The strongest argument remains that of the moral sensitivity of most users, who would have moral concerns in knowing about the commercial and purely instrumental use of complex HBOs. Of course, it is possible that appropriate philosophical pedagogy or simple habit, after initial resistance, might in the long run lead to a reduction in the moral concerns of the scenario hypothesized thus far.Footnote 96 In the short and medium term, however, such moral concerns should be taken into account, also in light of those related to interspecies hybridization.

HBOs have been grafted to or transplanted into rodent brains in numerous experiments to ensure vascularization and a more suitable growth environment.Footnote 97 , Footnote 98 , Footnote 99 Some recent studies have shown how HBOs transplanted into the brain of a host not only lived a long time and integrated into the brain environment without harming the animal but also integrated structurally and functionally into it while also contributing to the perceptual process.Footnote 100 This does not mean for now that human cells have altered or “enhanced” the brain of the host animal, but this possibility cannot be ruled out and, indeed, should be considered likely in light of current scientific knowledge.

As was appropriately pointed out, “chimeric cerebral organoid animals … if somehow ‘brain enhanced’ … might experience the stress exposure even more seriously than typical experimental animals.”Footnote 101 The point of interest here, however, is not the protection of animal models used in experiments, which is certainly an issue of great importance. Our interest focuses on the moral concerns that may arise from interspecies hybridization between HBOs and nonhuman animals. While it is certainly true that nonhuman animals that are more sensitive to pain and suffering should not be created, or in any case their use should be minimal and commensurate with the expected utility of their use, we are considering moral concerns related to HBOs.

Such moral concerns might arise from humanizing the chimeras thus created. Could the transplantation of HBOs into higher mammals produce phenomena of thinking typical of humans in such nonhuman animal models that already have strong similarities to human behavior? The hypothesis formulated by Benjamin Capps is not supported by experiments or other scientific evidence as yet, but it serves to formulate an argument for extending protection and rights toward such chimeras.Footnote 102

From our point of view, if an HBO were transplanted into the brain of a nonhuman animal and gave rise to a brain chimera of enhanced cognitive abilities, this might raise moral concerns about its fate even if it did not expand the sentience of the host animal. A companion animal with a more intelligent behavior would undoubtedly be widely requested on the market and this would increase the demand and “production” of these chimeras. We can then ask: what kind of chimera with respect to subjective states would the one thus created be?

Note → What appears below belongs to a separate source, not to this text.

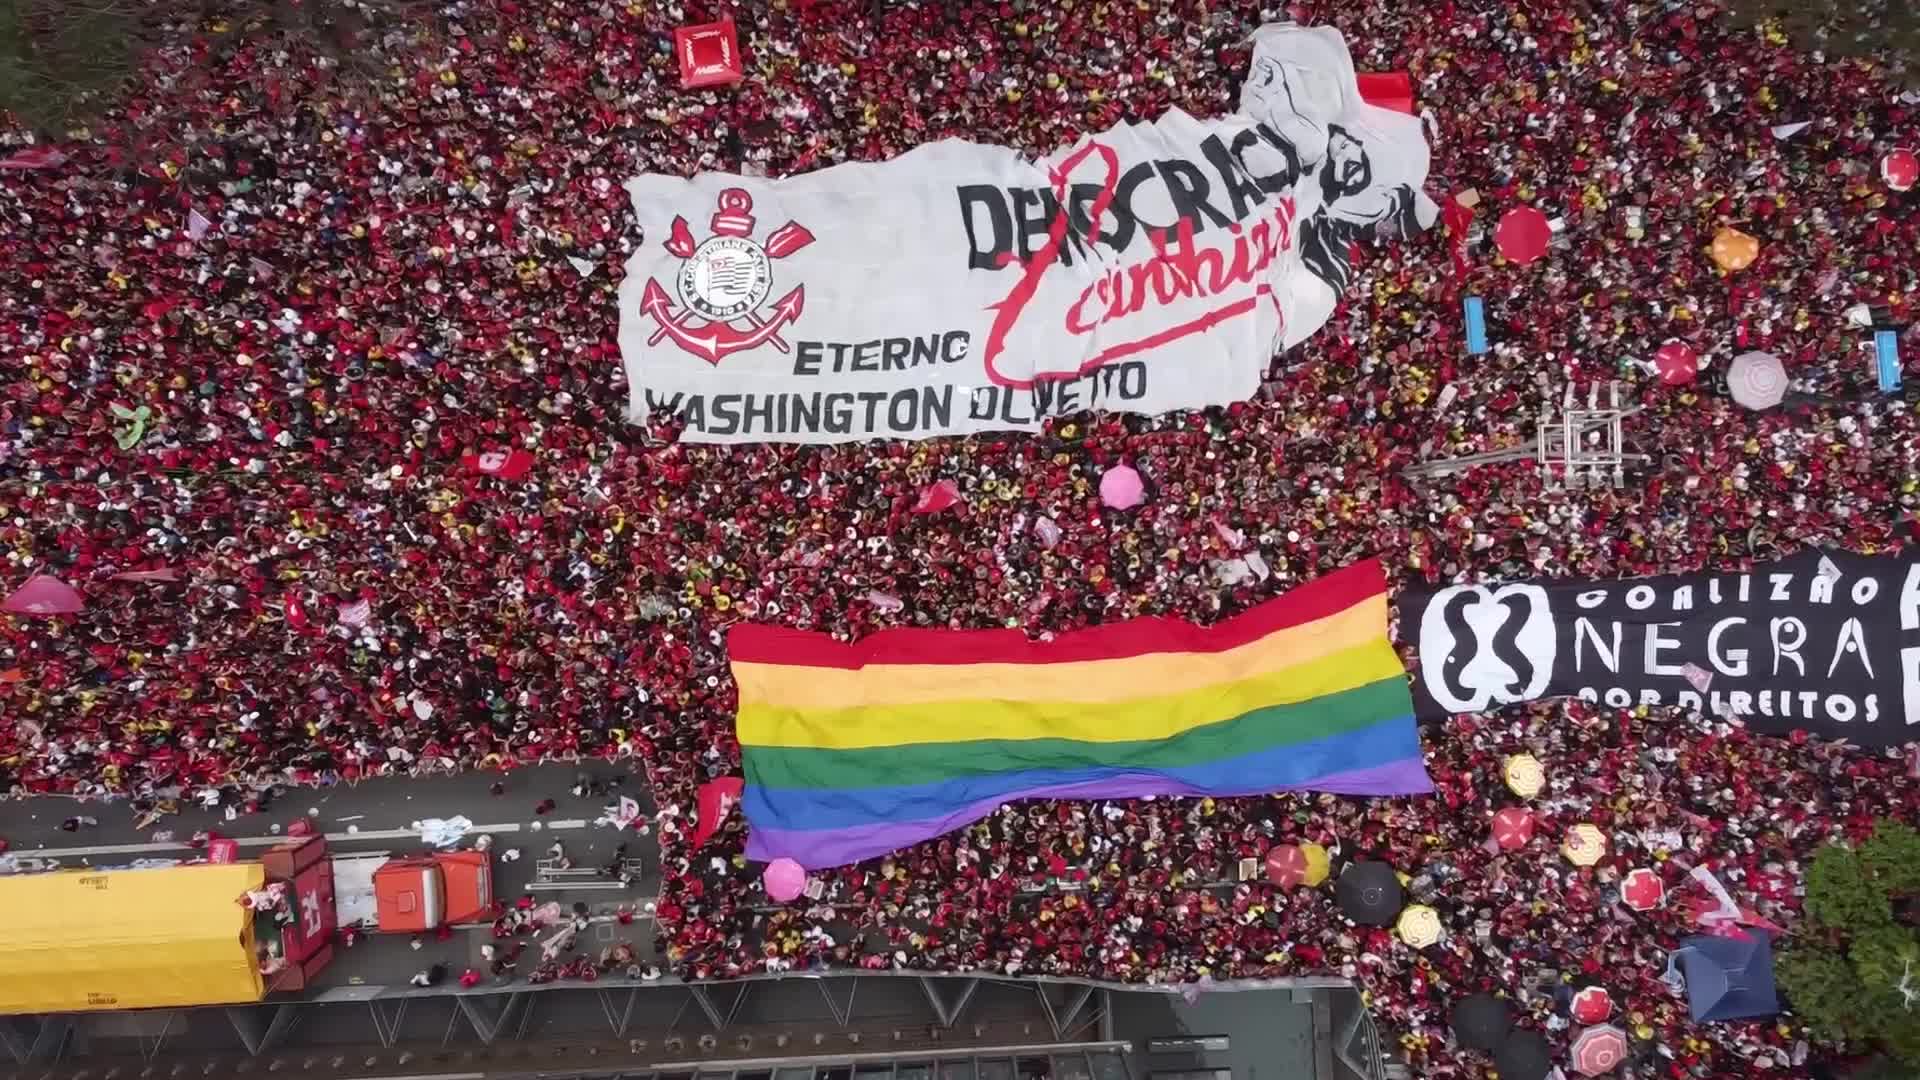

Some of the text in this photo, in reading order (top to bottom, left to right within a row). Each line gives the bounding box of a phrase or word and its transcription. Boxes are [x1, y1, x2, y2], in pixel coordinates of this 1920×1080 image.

[645, 384, 952, 435] WASHINGTON
[1574, 616, 1875, 680] NEGRA
[1678, 690, 1879, 723] DIREITOS

On the one hand, it can be argued that it is a better fate for an HBO to be transplanted into the brain of a dog that will be welcomed and loved by someone than to live only a few months in a lab or be destroyed in an experiment. Obviously, a non-sentient HBO has no interests or preferences, but once implanted into a sentient animal, would it somehow become one? On the other hand, one may ask whether it is recommendable that an HBO, although not yet sentient, be transplanted into a nonhuman animal. The considerations made for the biological–electronic hybrids described above apply in this regard, although the contextual conditions are somewhat different. In this sense, it would be preferable to use organoids with modified DNA because they do not resemble in their genetic characteristics any specific individual.

But this expedient may not be enough, and the use of HBOs may end up populating our environment with sentient entities in varying degrees experiencing a different condition than they would have experienced otherwise. This would be due to the insertion in their brains of an HBO, whose fate would remain unknown to us, just as the valence of the altered subjective states of hybridized animals might remain unknown. This uncertainty would seem to configure moral concerns and tilt toward a precautionary principle calling for the avoidance of interspecies hybridization, except with rodents and for specific experiments aimed at the study and treatment of severe diseases.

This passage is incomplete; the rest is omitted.